[LLVMdev] Calling-convention lowering proposal

David Greene dag at cray.com
Thu Apr 30 09:35:11 PDT 2009


On Wednesday 29 April 2009 17:01, Tanya M. Lattner wrote:

> > I completely agree with the goals of this patch.  However, I would ask
> > that we deprecate the existing interfaces for 2.6 and then remove them in
> > 2.7.  We should add the new interfaces under a different name until 2.7
> > at which point they will become default.
>
> I don't really see how this is any different. Instead of changing the API
> in 2.6, it just gets postponed to 2.7. So with 2.7 you have to upgrade
> your API and track down new bugs introduced by 2.7 (hopefully not very
> many).

The difference is that it isolates the API change from the other changes in
LLVM.

When we do an upgrade to a new LLVM release, we spend a significant amount 
of time resolving conflicts and fixing new bugs.  It's one less thing to have 
to worry about if APIs remain stable (through deprecation).

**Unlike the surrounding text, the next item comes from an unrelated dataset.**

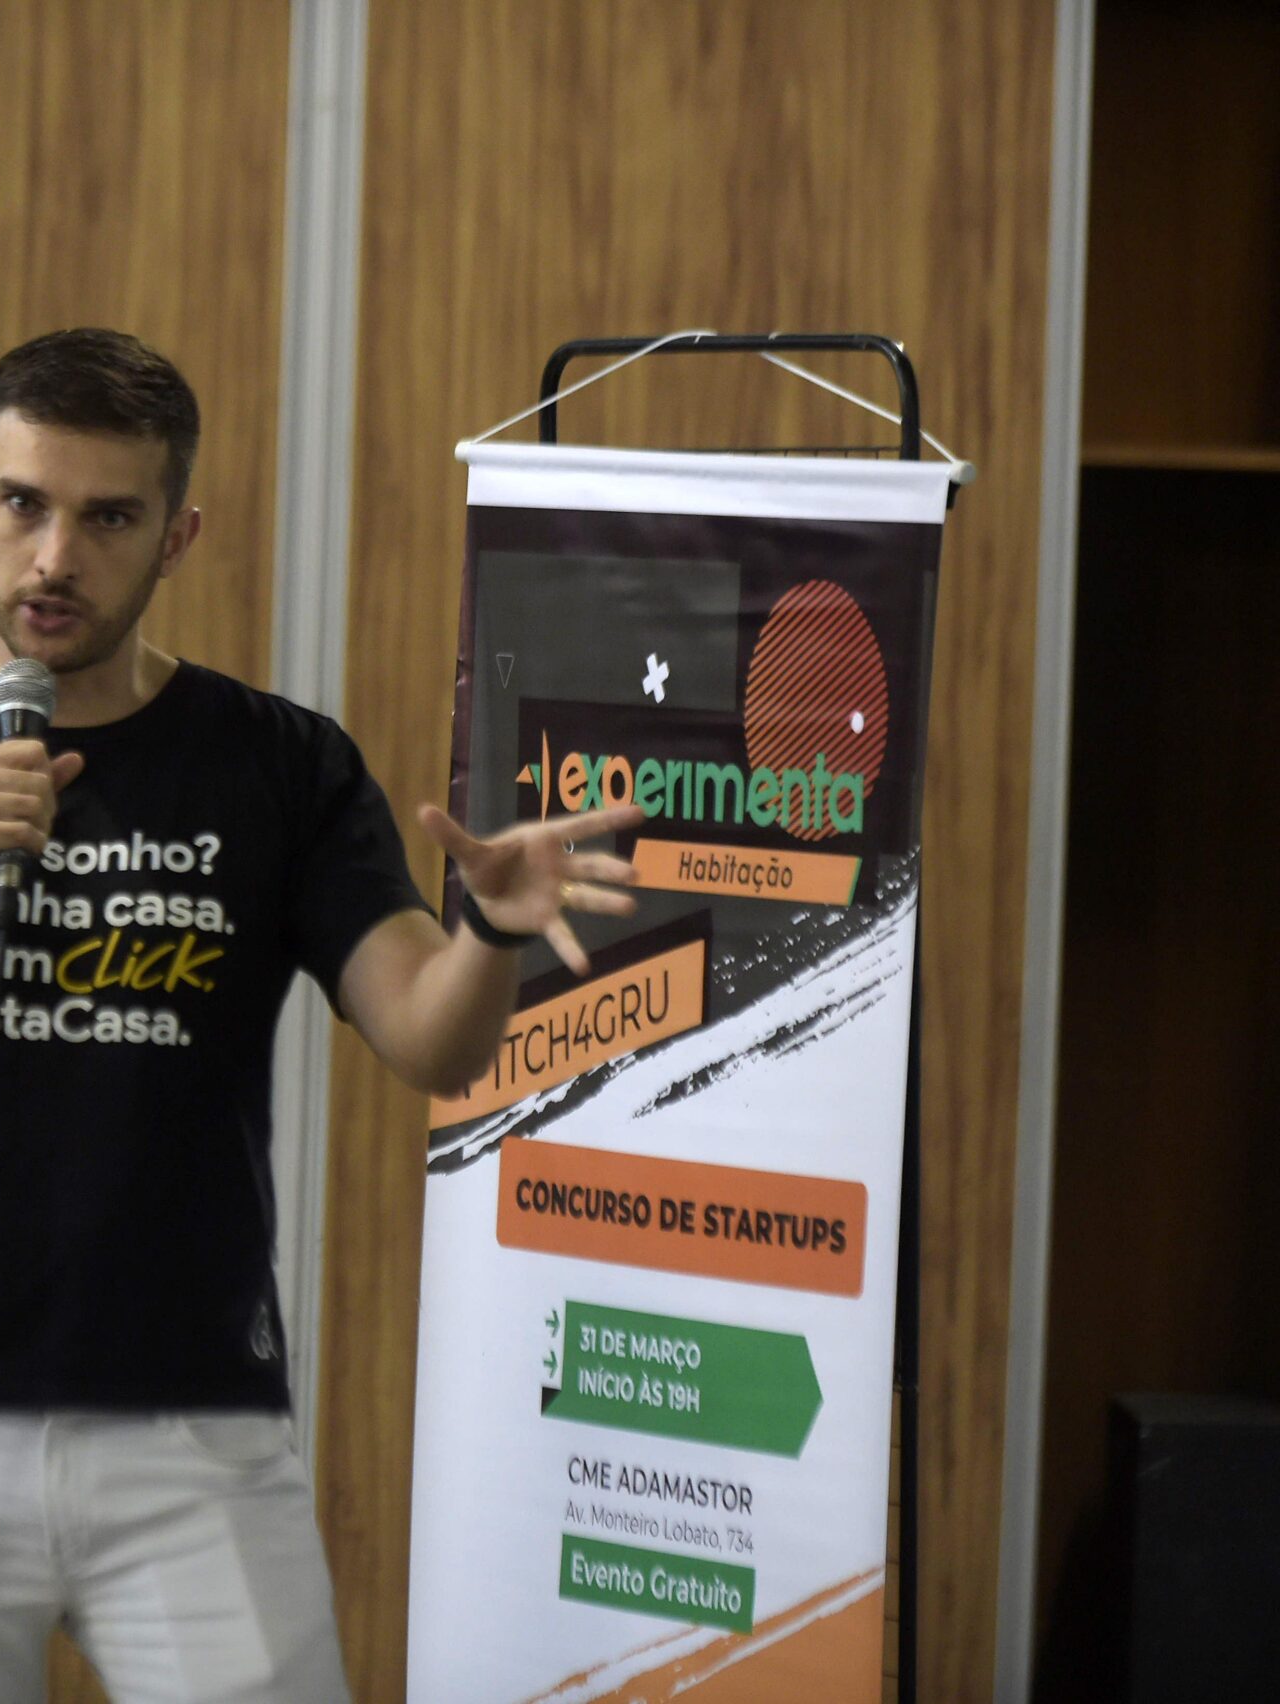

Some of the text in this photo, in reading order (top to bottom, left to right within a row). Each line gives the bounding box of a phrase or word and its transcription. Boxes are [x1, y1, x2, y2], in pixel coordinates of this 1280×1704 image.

What we would do is fix all of the bugs, etc. then afterward move our code 
over to the new APIs.  Then for the next release it's simply a matter of 
renaming the API function we call.

> The majority of the people are not going to make the API changes until
> they are forced to. Its just low on the priority list. We've seen this
> from many people who don't upgrade because they don't want to make the API
> changes.

But you have to give people warning.  That's what deprecation does.  It means
people can upgrade and fix all of the resulting problems without having to
worry about changing APIs at the same time.  They can then migrate to the new
API before upgrading to the next version that removes the deprecated API.

Deprecation doesn't solve the "people not wanting to upgrade" problem.  That's
not the point.  There's very little we can do to satisfy those people.  What 
deprecation does is help the people that DO want to upgrade to the new
API but would prefer an incremental way of doing it.

We talk about making incremental changes to the LLVM repository all the time.
Why would we not apply the same philosophy to releases?

Every open source project with a significant client base does things this way.
I believe LLVM has reached this point as well.